Stored records:
######
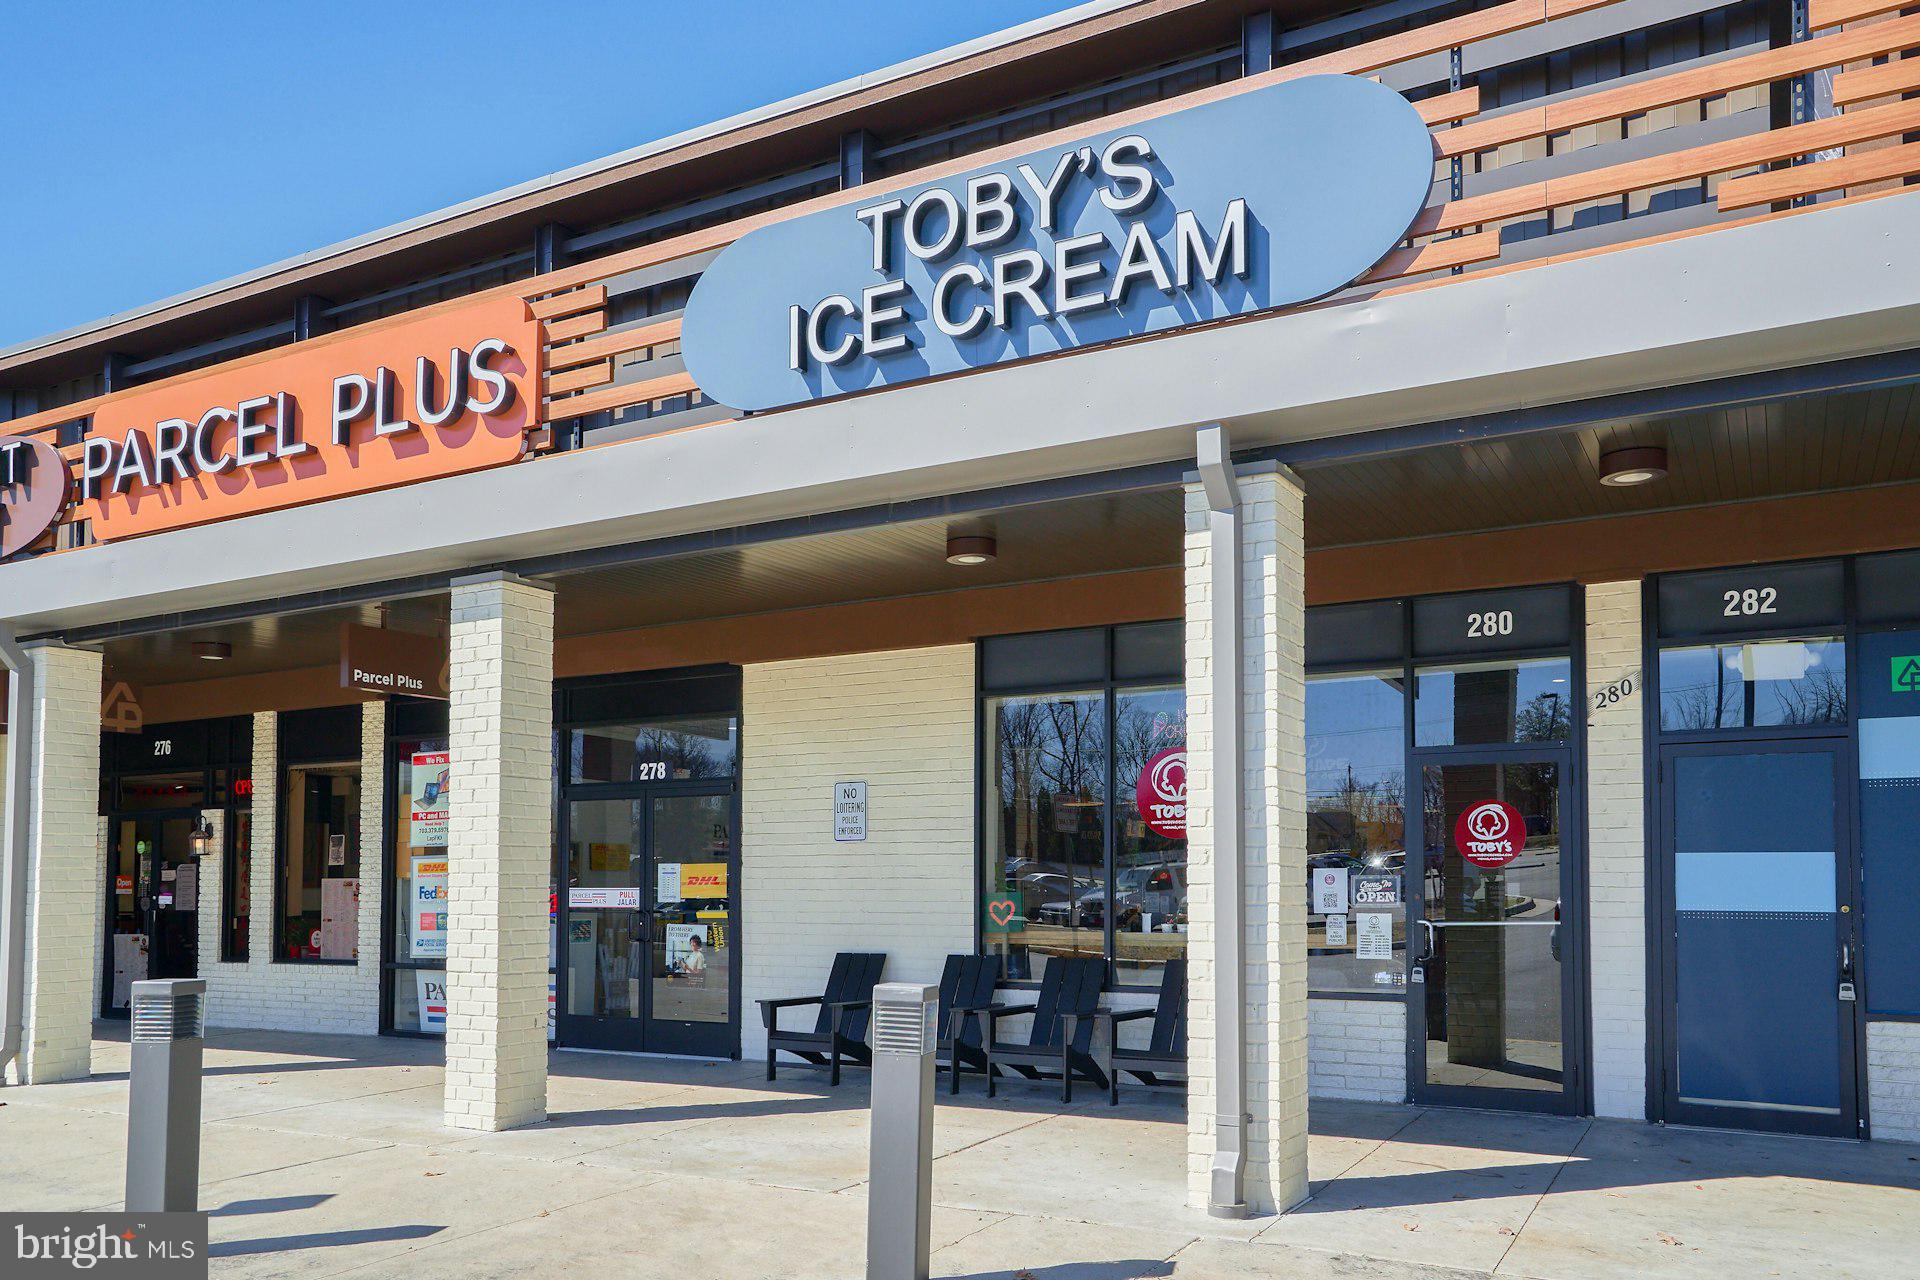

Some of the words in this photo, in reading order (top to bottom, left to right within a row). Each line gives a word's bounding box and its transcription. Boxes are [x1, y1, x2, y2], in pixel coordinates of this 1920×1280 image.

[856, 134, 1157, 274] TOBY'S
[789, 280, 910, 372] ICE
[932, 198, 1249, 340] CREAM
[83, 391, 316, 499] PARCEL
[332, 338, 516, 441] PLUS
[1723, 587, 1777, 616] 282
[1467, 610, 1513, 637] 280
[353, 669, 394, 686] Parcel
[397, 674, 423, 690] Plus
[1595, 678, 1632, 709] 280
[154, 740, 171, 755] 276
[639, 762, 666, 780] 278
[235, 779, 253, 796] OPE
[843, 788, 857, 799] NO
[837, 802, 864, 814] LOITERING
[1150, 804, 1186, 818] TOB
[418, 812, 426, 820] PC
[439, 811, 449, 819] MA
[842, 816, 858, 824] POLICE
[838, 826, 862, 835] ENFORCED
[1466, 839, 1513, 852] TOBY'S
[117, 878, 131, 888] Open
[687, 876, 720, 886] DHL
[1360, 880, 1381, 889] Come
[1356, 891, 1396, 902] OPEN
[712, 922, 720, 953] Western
######
> [WORK INSTRUCTIONS]: If an entry above holds a picture, leave that picture out and print the rest exactly.

> [ANSWER SECTION]:
Some of the words in this photo, in reading order (top to bottom, left to right within a row). Each line gives a word's bounding box and its transcription. Boxes are [x1, y1, x2, y2], in pixel coordinates of this 1920×1280 image.

[856, 134, 1157, 274] TOBY'S
[789, 280, 910, 372] ICE
[932, 198, 1249, 340] CREAM
[83, 391, 316, 499] PARCEL
[332, 338, 516, 441] PLUS
[1723, 587, 1777, 616] 282
[1467, 610, 1513, 637] 280
[353, 669, 394, 686] Parcel
[397, 674, 423, 690] Plus
[1595, 678, 1632, 709] 280
[154, 740, 171, 755] 276
[639, 762, 666, 780] 278
[235, 779, 253, 796] OPE
[843, 788, 857, 799] NO
[837, 802, 864, 814] LOITERING
[1150, 804, 1186, 818] TOB
[418, 812, 426, 820] PC
[439, 811, 449, 819] MA
[842, 816, 858, 824] POLICE
[838, 826, 862, 835] ENFORCED
[1466, 839, 1513, 852] TOBY'S
[117, 878, 131, 888] Open
[687, 876, 720, 886] DHL
[1360, 880, 1381, 889] Come
[1356, 891, 1396, 902] OPEN
[712, 922, 720, 953] Western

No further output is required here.